[EXERCISE DETAILS] What follows is a set of entries. Give them again exactly, without the pictures.
++++ DATASET ++++
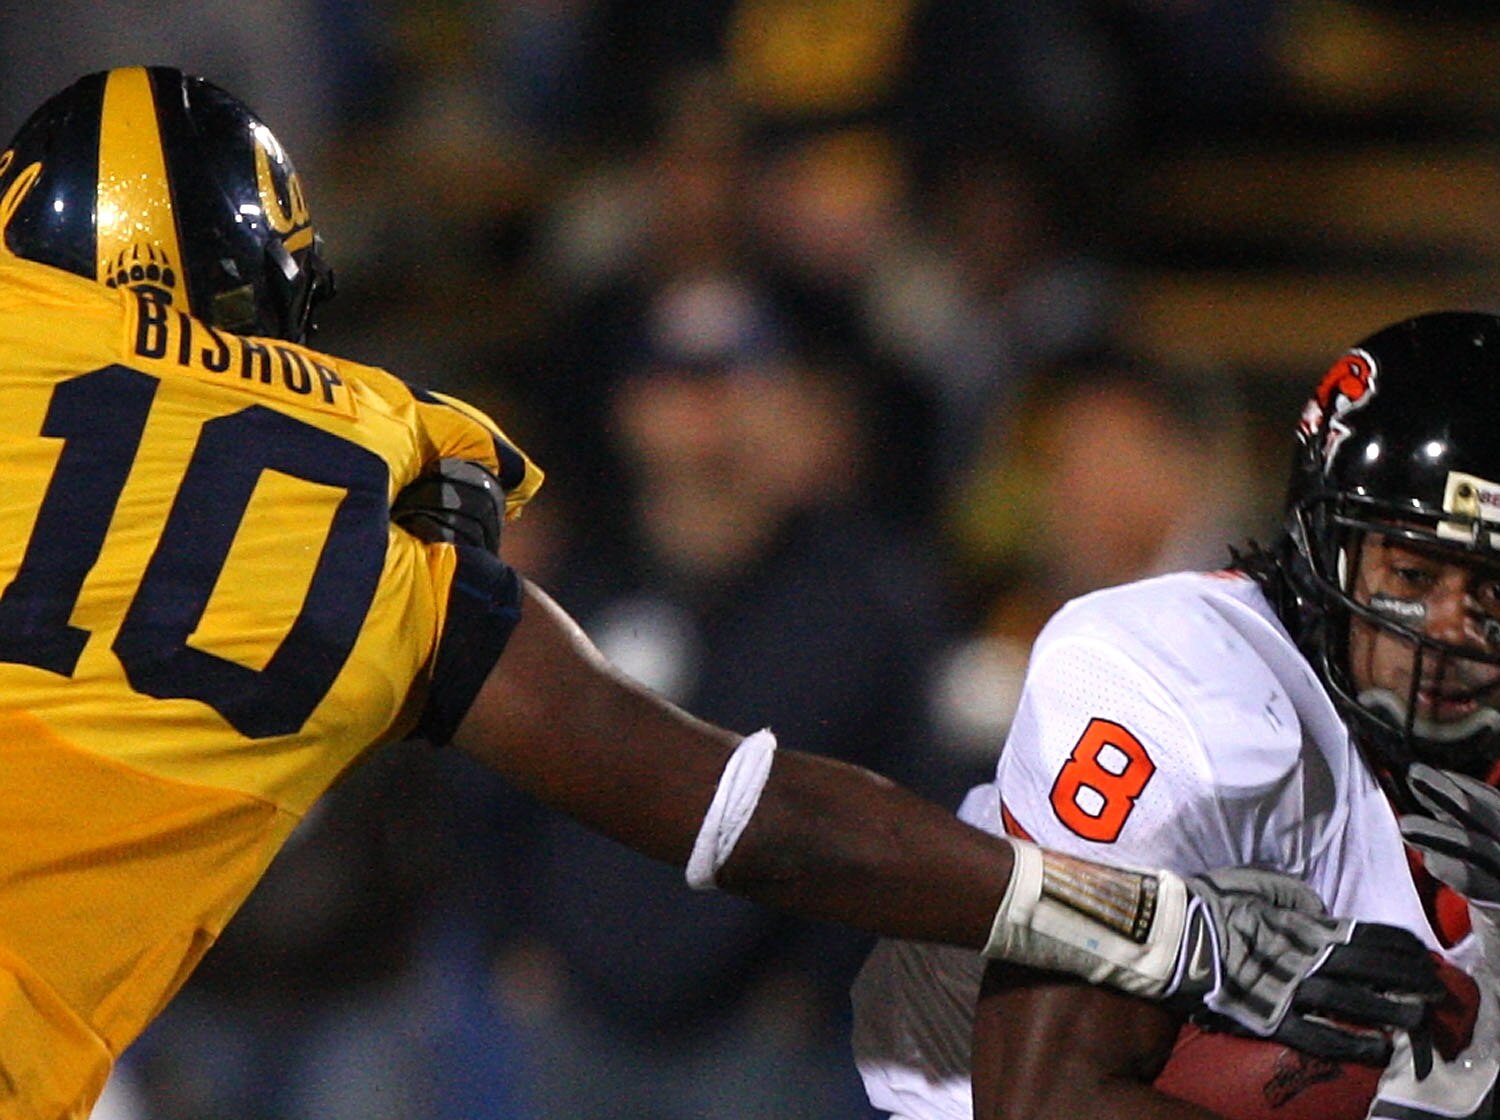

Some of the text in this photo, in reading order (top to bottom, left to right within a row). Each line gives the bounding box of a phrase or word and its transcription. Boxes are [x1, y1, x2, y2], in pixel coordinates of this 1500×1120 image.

[134, 291, 344, 405] BISHOP
[0, 363, 391, 741] 10
[1048, 717, 1157, 844] 8
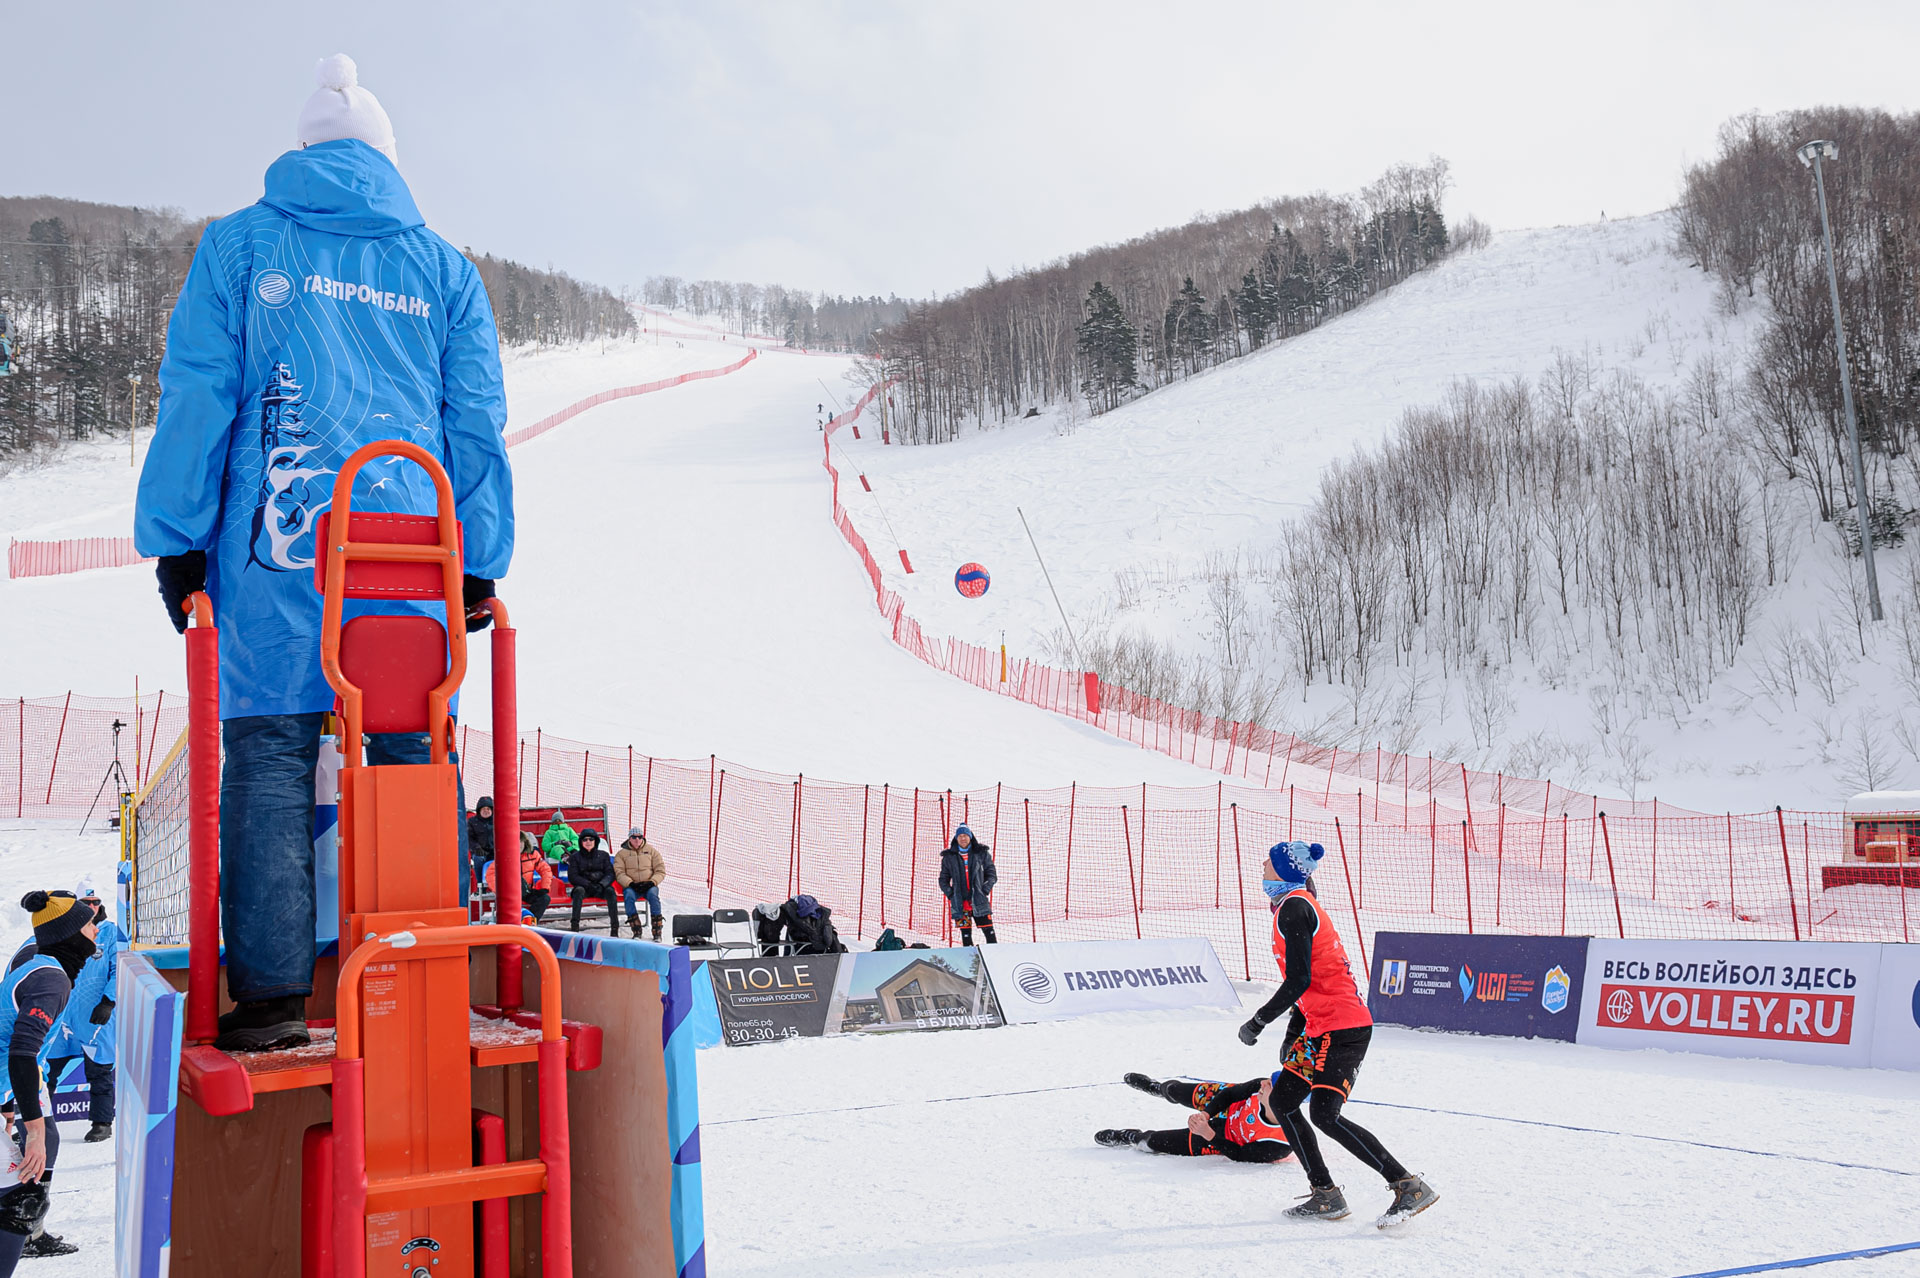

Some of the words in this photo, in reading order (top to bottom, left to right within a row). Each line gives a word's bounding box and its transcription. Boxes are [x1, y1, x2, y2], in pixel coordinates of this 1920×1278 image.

[303, 274, 432, 319] ГАЗПРОМБАНК
[1064, 965, 1208, 991] ГАЗПРОМБАНК
[1410, 964, 1449, 972] МИНИСТЕРСТВО
[1604, 961, 1650, 981] ВЕСЬ
[1655, 960, 1776, 986] ВОЛЕЙБОЛ
[1781, 966, 1857, 990] ЗДЕСЬ
[1414, 980, 1452, 988] САХАЛИНСКОЙ
[1476, 972, 1508, 1002] ЦСП
[914, 1006, 967, 1017] ИНВЕСТИРУЙ
[916, 1019, 926, 1028] В
[930, 1014, 995, 1027] БУДУЩЕЕ
[1639, 990, 1843, 1037] VOLLEY.RU
[730, 1026, 799, 1042] 30-30-45
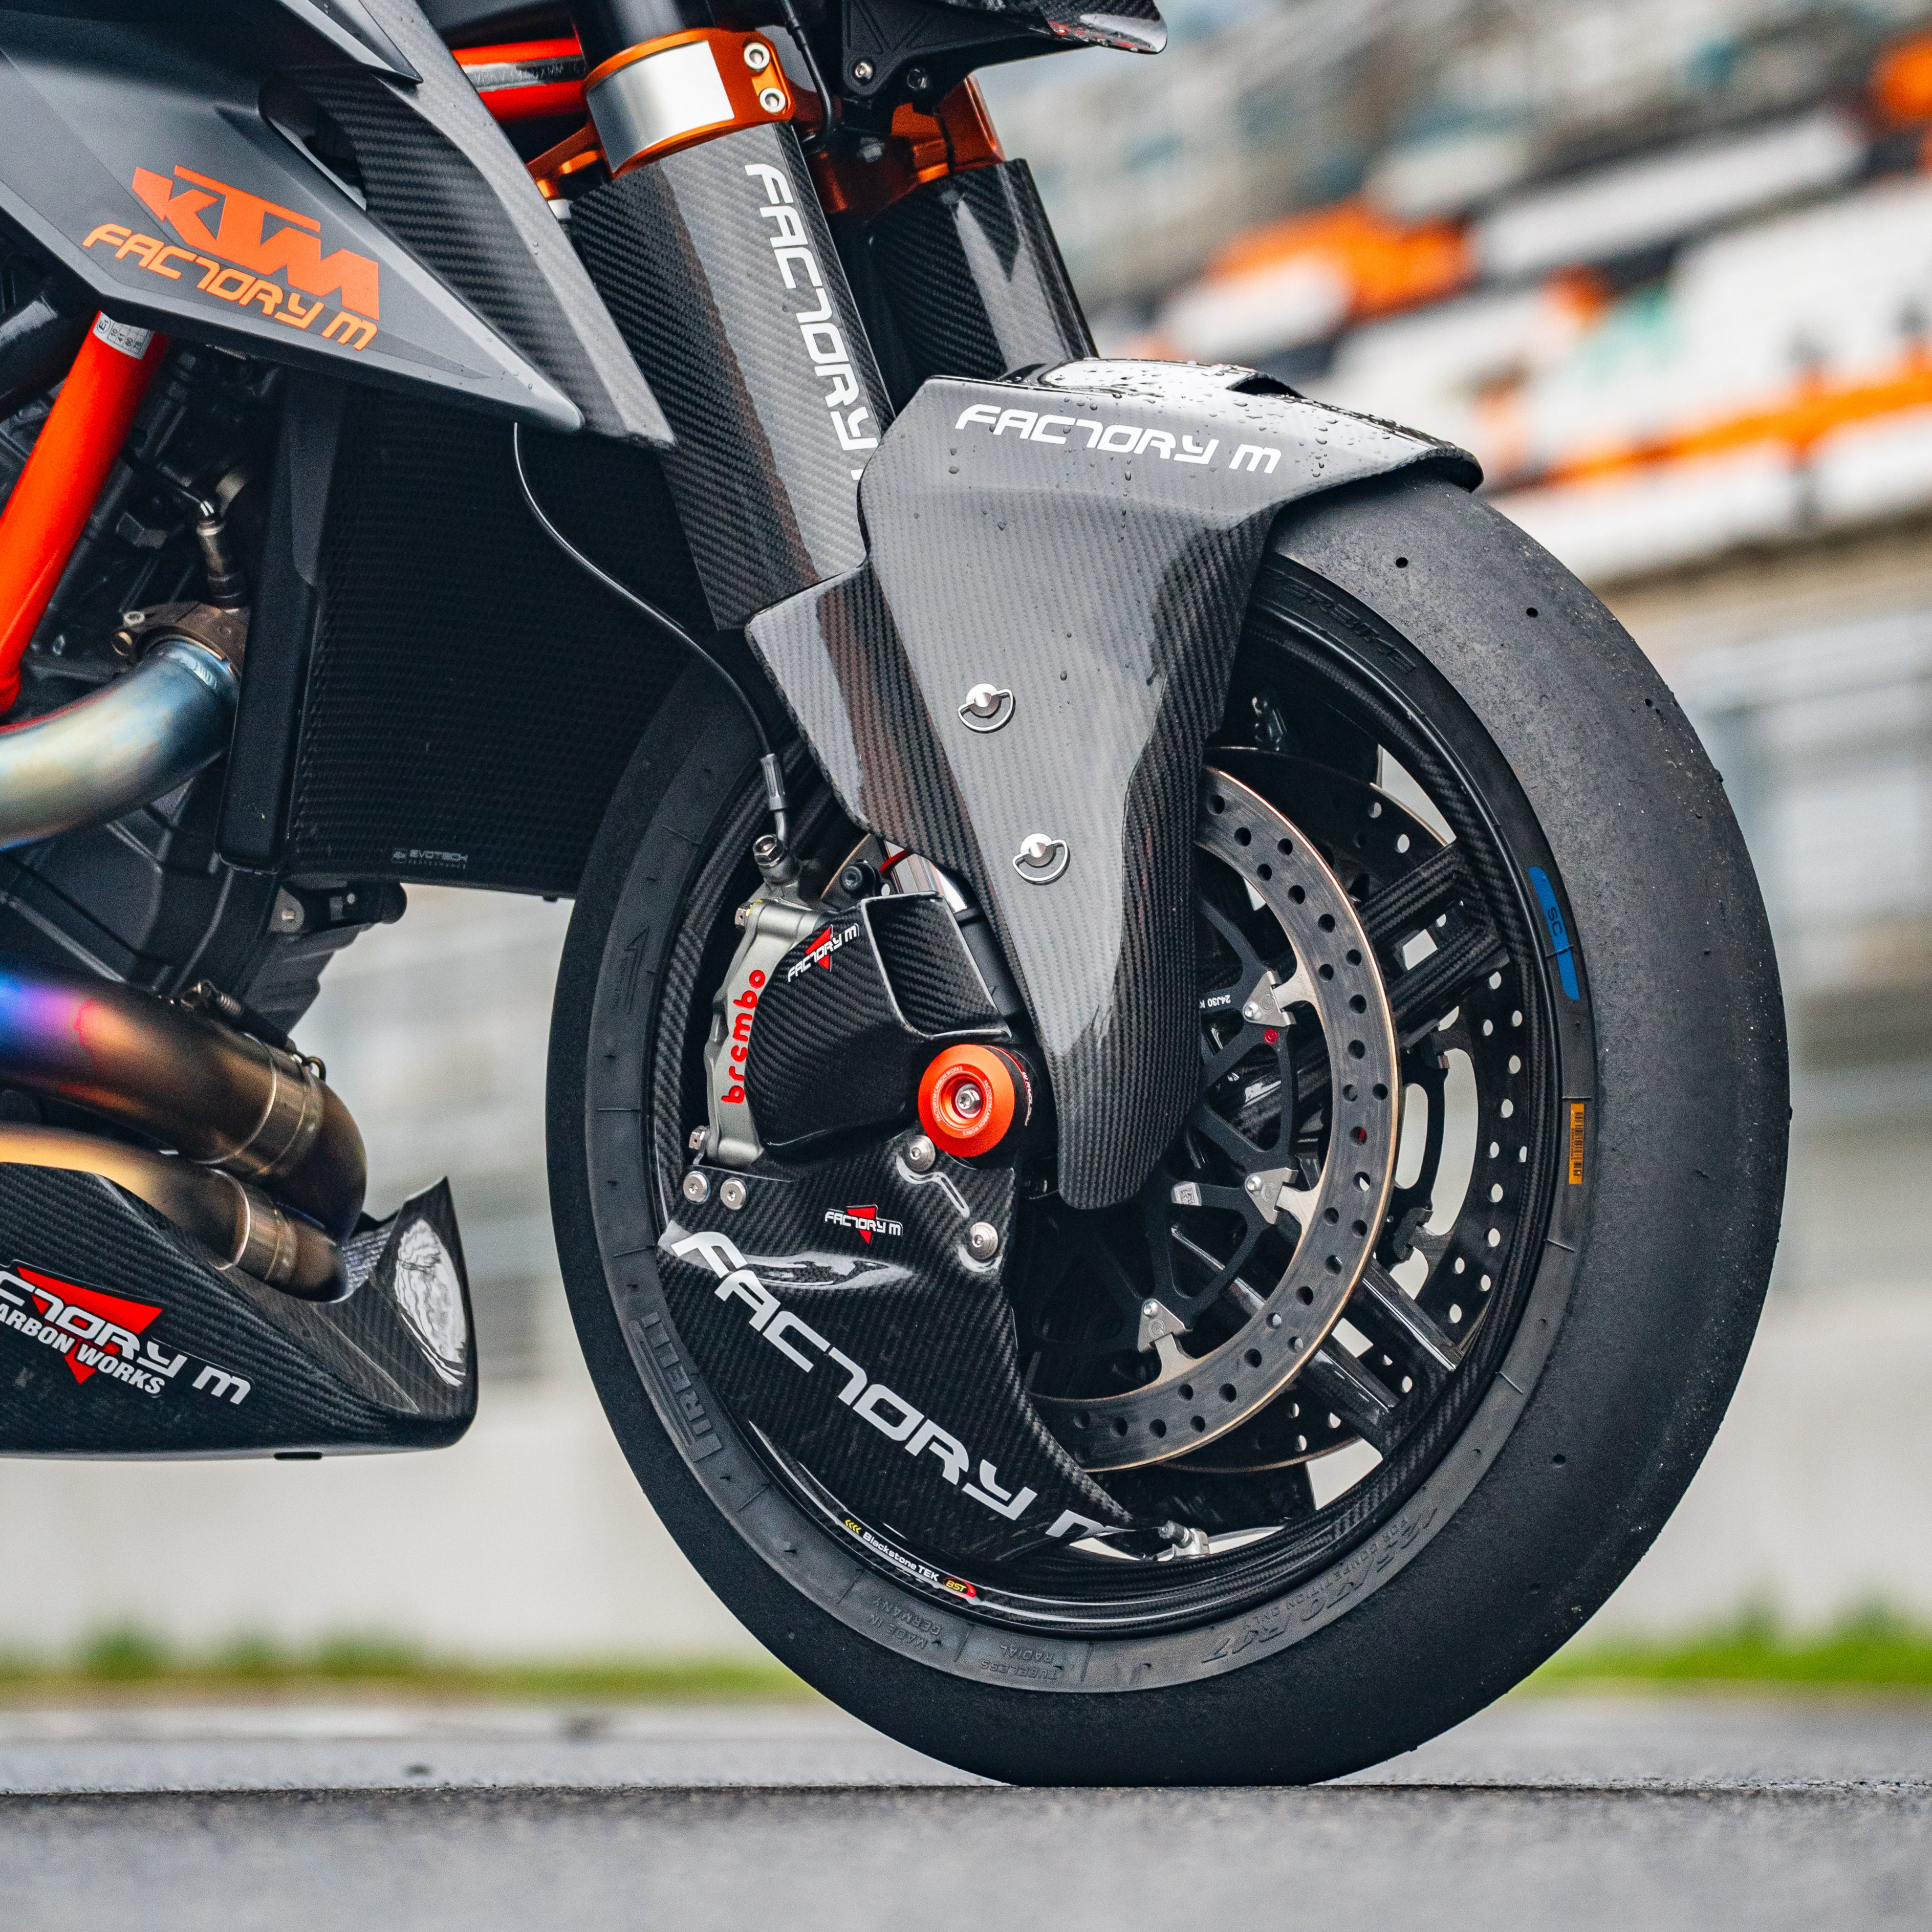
++++
[THE ANSWER]
Some of the text in this photo, in reading order (top to bottom, left to right within a row). Each line gives the bounding box of a phrase or word and its transcription. Boxes are [x1, y1, x2, y2], in pixel coordinates of this 1500×1120 image.

[134, 291, 344, 405] BISHOP
[0, 363, 391, 741] 10
[1048, 717, 1157, 844] 8

Some of the words in this photo, in reading order (top to bottom, left to right within a row). Each line gives a word's bounding box and its transcription. Boxes are [x1, y1, x2, y2], in pixel coordinates of this 1920×1278 image.

[303, 274, 432, 319] ГАЗПРОМБАНК
[1064, 965, 1208, 991] ГАЗПРОМБАНК
[1410, 964, 1449, 972] МИНИСТЕРСТВО
[1604, 961, 1650, 981] ВЕСЬ
[1655, 960, 1776, 986] ВОЛЕЙБОЛ
[1781, 966, 1857, 990] ЗДЕСЬ
[1414, 980, 1452, 988] САХАЛИНСКОЙ
[1476, 972, 1508, 1002] ЦСП
[914, 1006, 967, 1017] ИНВЕСТИРУЙ
[916, 1019, 926, 1028] В
[930, 1014, 995, 1027] БУДУЩЕЕ
[1639, 990, 1843, 1037] VOLLEY.RU
[730, 1026, 799, 1042] 30-30-45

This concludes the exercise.